Bursary Recipients for 2017–18
Vanessa Carr (UCL)
Vanessa Carr is a PhD candidate in philosophy at UCL, working primarily in metaphysics and philosophy of action. She completed the MPhilStud, also at UCL, and received a BA in Philosophy, Psychology and Physiology from the University of Oxford. Vanessa’s PhD research addresses the nature of activity, and examines the relationship between causation and activity. She defends the existence of causation by agents, but challenges the viability of an account of activity in terms of causation by the agent. This project draws on a range of literatures, including those on causation, action, free will, reduction and grounding, and abstract objects.
Alexander Moran (Cambridge)
Alexander Moran is a fourth year PhD student at the University of Cambridge. His supervisor is Prof. Tim Crane. His research primarily focuses on the philosophy of perception: in his doctoral thesis, he defends a neglected form of disjunctivism about visual experience, which combines a naive realist view of visual perception with a sense datum account of visual hallucination. He also has strong research interests in various aspects of contemporary metaphysics, and in both early modern and early analytic philosophy.

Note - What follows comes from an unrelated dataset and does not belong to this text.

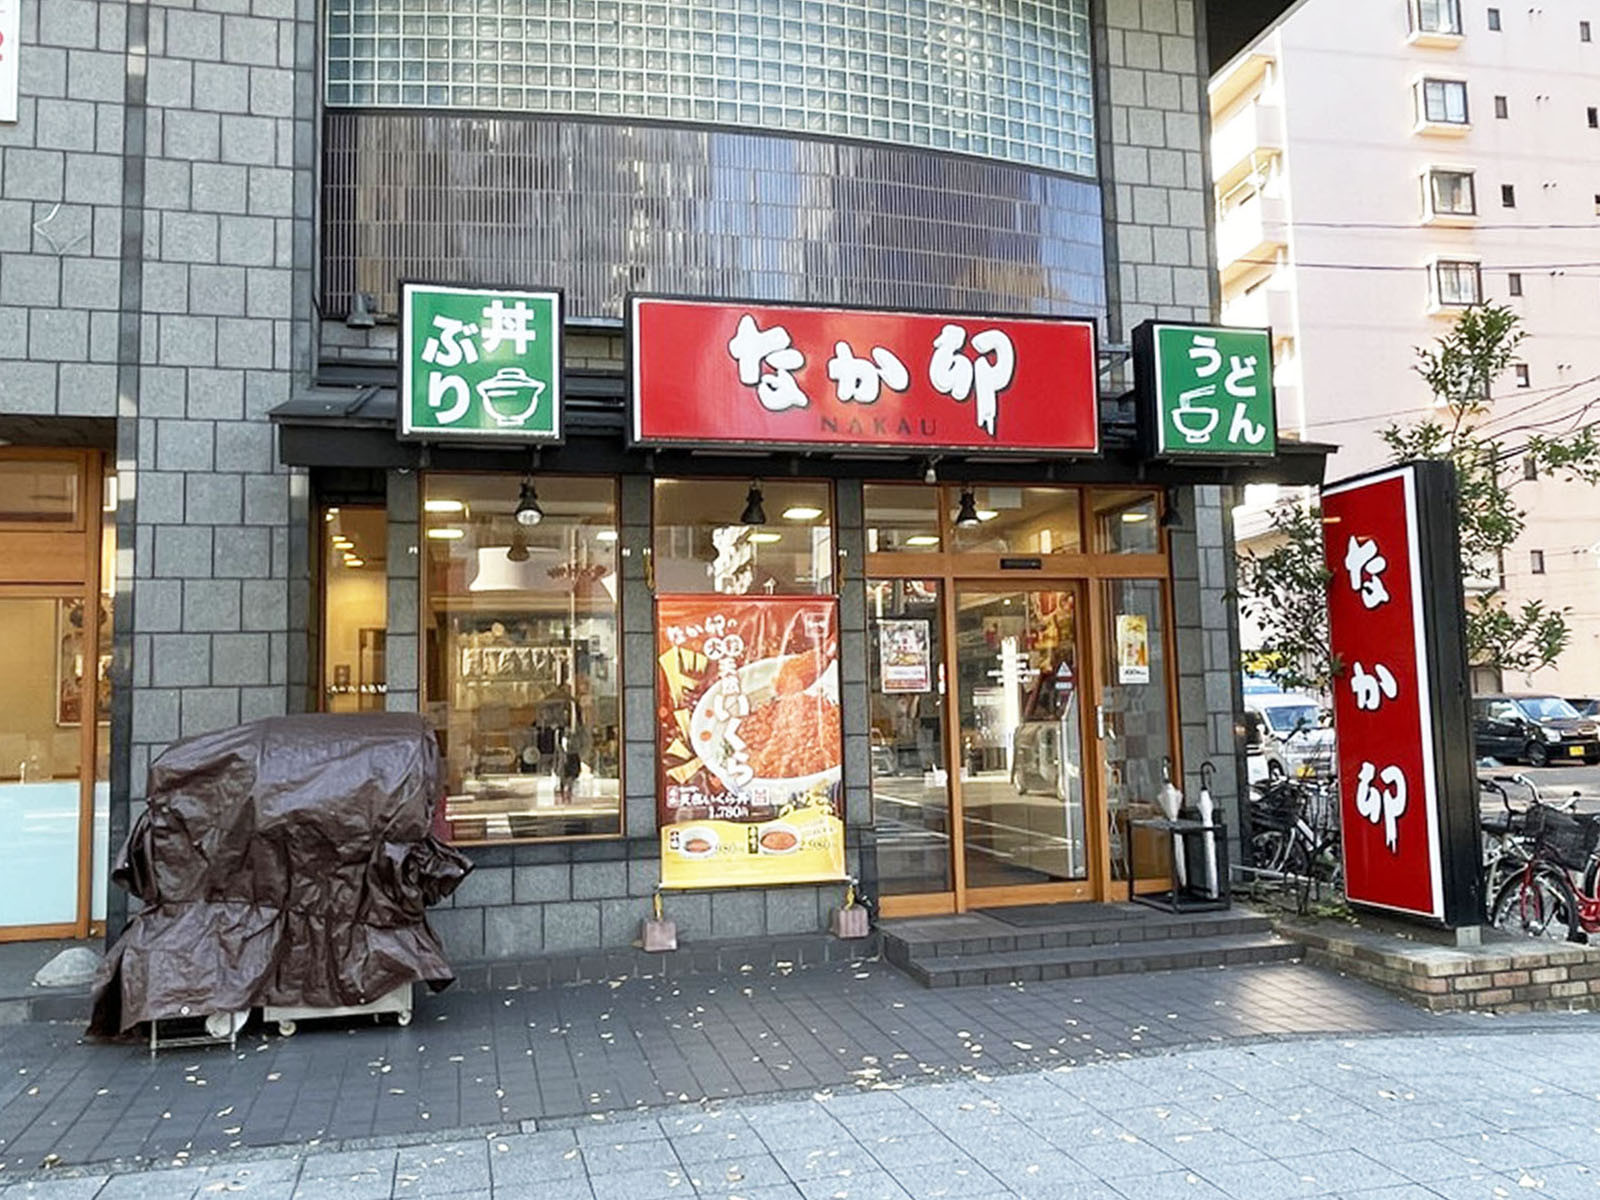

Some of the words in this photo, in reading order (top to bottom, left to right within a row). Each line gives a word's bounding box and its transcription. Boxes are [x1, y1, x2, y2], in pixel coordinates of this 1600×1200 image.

[728, 313, 1016, 437] なか卯
[820, 416, 937, 436] NAKAU
[1188, 334, 1266, 445] うどん
[1344, 535, 1407, 855] なか卯

Before coming to Cambridge, he completed the B. Phil at Oxford with Distinction. Prior to that, he obtained a B.A. in philosophy from UCL, where he won several awards, including the Rosa Morrison Medal for best degree results across the Arts and Humanities Faculty.
Gary Mullen (Leeds)
Gary Mullen is a doctoral student in philosophy at the University of Leeds, with primary research interests in decision theory, philosophy of mind and philosophy of action. His PhD brings together these themes with a focus on the framing of decision problems and the phenomenon of decision instability. In particular, he thinks that the task of specifying an agent’s options deserves more attention and that a crude conception of the agent is behind existing puzzles about decision instability. Gary also has interests in logic and general philosophy of science, having completed an MA in formal methods at the Munich Centre for Mathematical Philosophy. Prior to this, he earned a BA in philosophy from the University of Cambridge and an MLitt in philosophy from the University of St Andrews.

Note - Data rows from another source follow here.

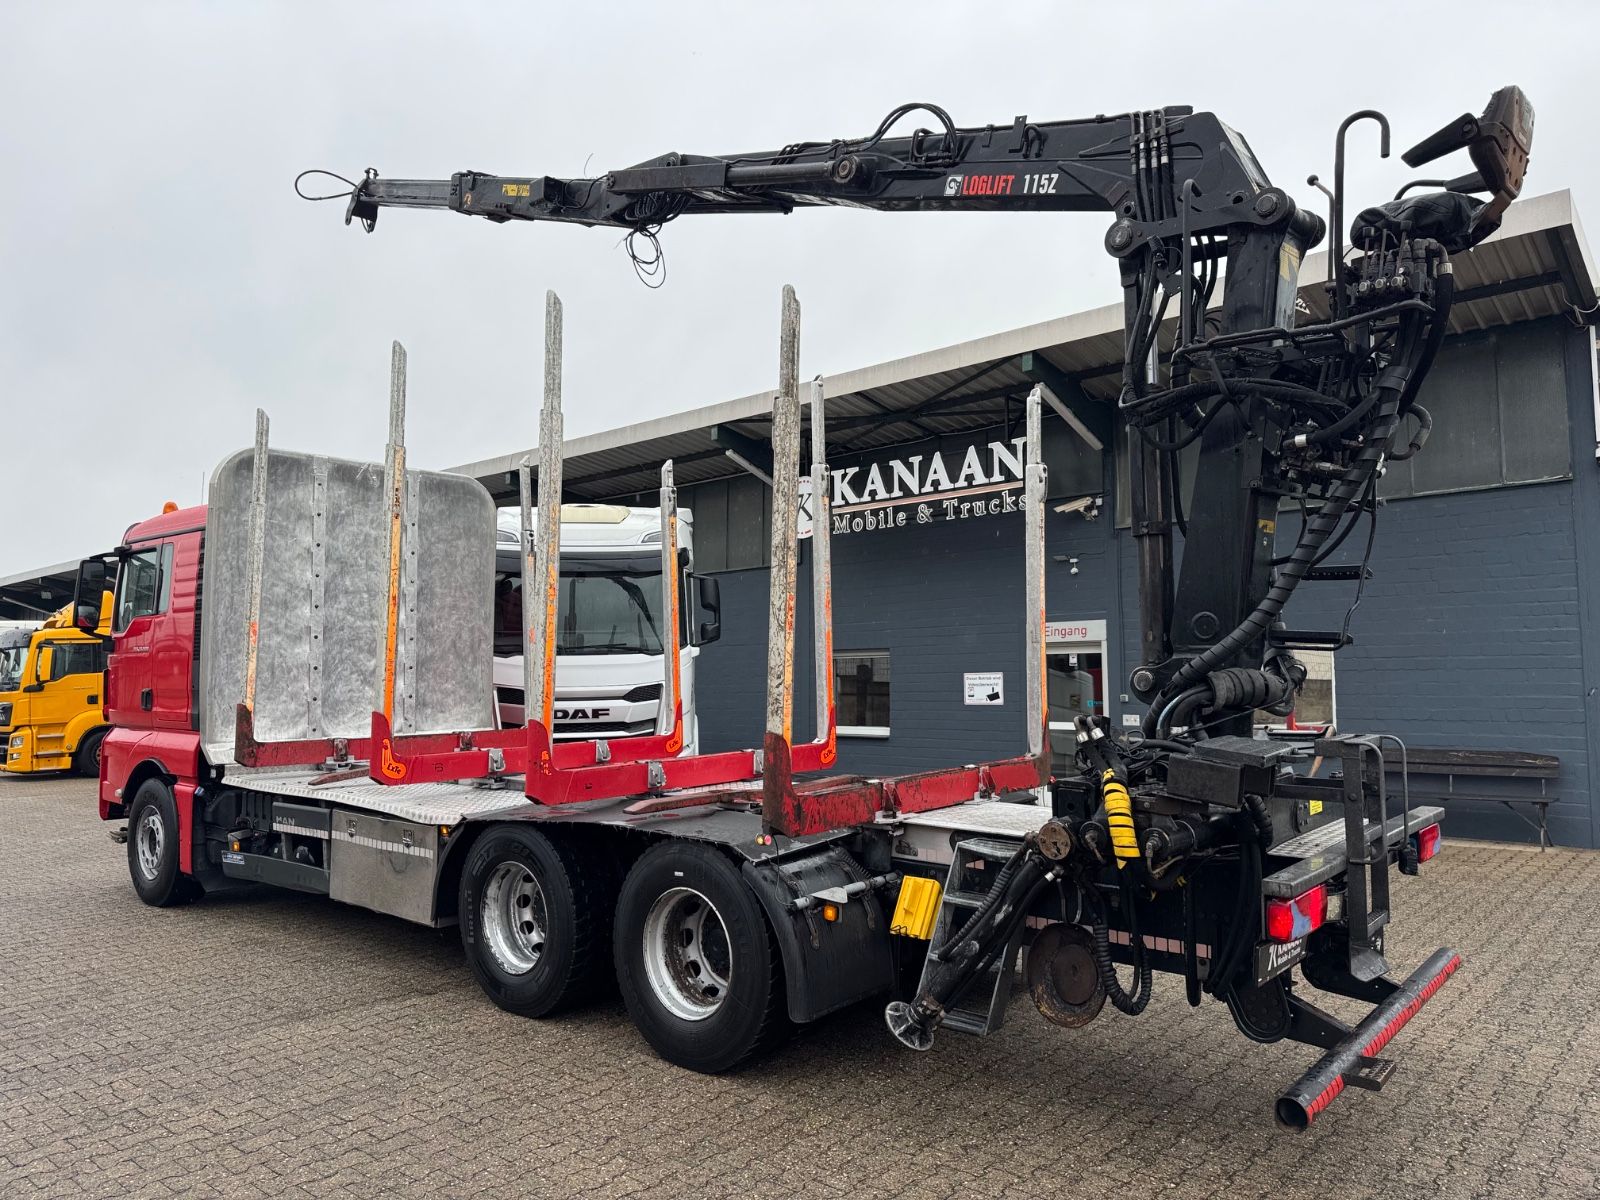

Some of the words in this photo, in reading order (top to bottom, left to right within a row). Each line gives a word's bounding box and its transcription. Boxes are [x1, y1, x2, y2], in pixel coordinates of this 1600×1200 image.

[962, 174, 1016, 196] LOGLIFT
[1023, 173, 1060, 194] 115Z
[831, 436, 1027, 506] KANAAN
[832, 506, 907, 535] Mobile
[916, 503, 933, 524] &
[943, 490, 1027, 521] Trucks
[1045, 625, 1088, 639] Eingang
[553, 708, 610, 720] DAF
[276, 815, 295, 826] MAN

Alexander Roberts (Oxford)
Alexander Roberts is a D.Phil student at the University of Oxford whose main research interests are in metaphysics and philosophical logic. Before starting his D.Phil, he received a B.Phil from Oxford and an undergraduate degree from Leeds. His D.Phil thesis is a collection of essays on the metaphysics and logic of metaphysical modality, each of which considers a challenge to idea that metaphysical modality is the maximal objective modality. His recent research has been on the metaphysics of higher-order modal logic and indefinite extensibility.

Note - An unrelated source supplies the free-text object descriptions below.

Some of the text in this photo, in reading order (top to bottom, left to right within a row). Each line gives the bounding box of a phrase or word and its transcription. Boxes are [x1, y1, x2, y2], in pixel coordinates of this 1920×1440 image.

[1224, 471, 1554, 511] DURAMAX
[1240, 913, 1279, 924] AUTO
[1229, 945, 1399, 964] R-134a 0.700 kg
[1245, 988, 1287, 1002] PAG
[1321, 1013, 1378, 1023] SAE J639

Janis Schaab (St. Andrews/Stirling)
Janis Schaab is a third-year PhD student on the St Andrews/Stirling Philosophy Graduate Programme (SASP). Prior to that, he attained an MLitt in Philosophy on the same programme and a BA in Philosophy & Economics from the University of Bayreuth. Since starting his PhD, he has visited the philosophy departments at Yale University and Humboldt University Berlin to work as a visiting research student under the auspices of Stephen Darwall and Thomas Schmidt, respectively.
Janis’s research focuses on Kantian approaches within contemporary moral philosophy. Specifically, his thesis explores the prospects of the view known as Kantian Constructivism, according to which the source of morality’s normativity resides within our own will or ‘practical standpoint’. His aim is to clarify the ambitions and argumentative strategy of Kantian Constructivism, and ultimately to advance a qualified defense of the view. Despite its meta-normative focus, Janis’s research has implications for issues in first-order normative theory, such as the correct understanding of human dignity, the nature and foundations of moral rights, as well as the demandingness of our positive duties.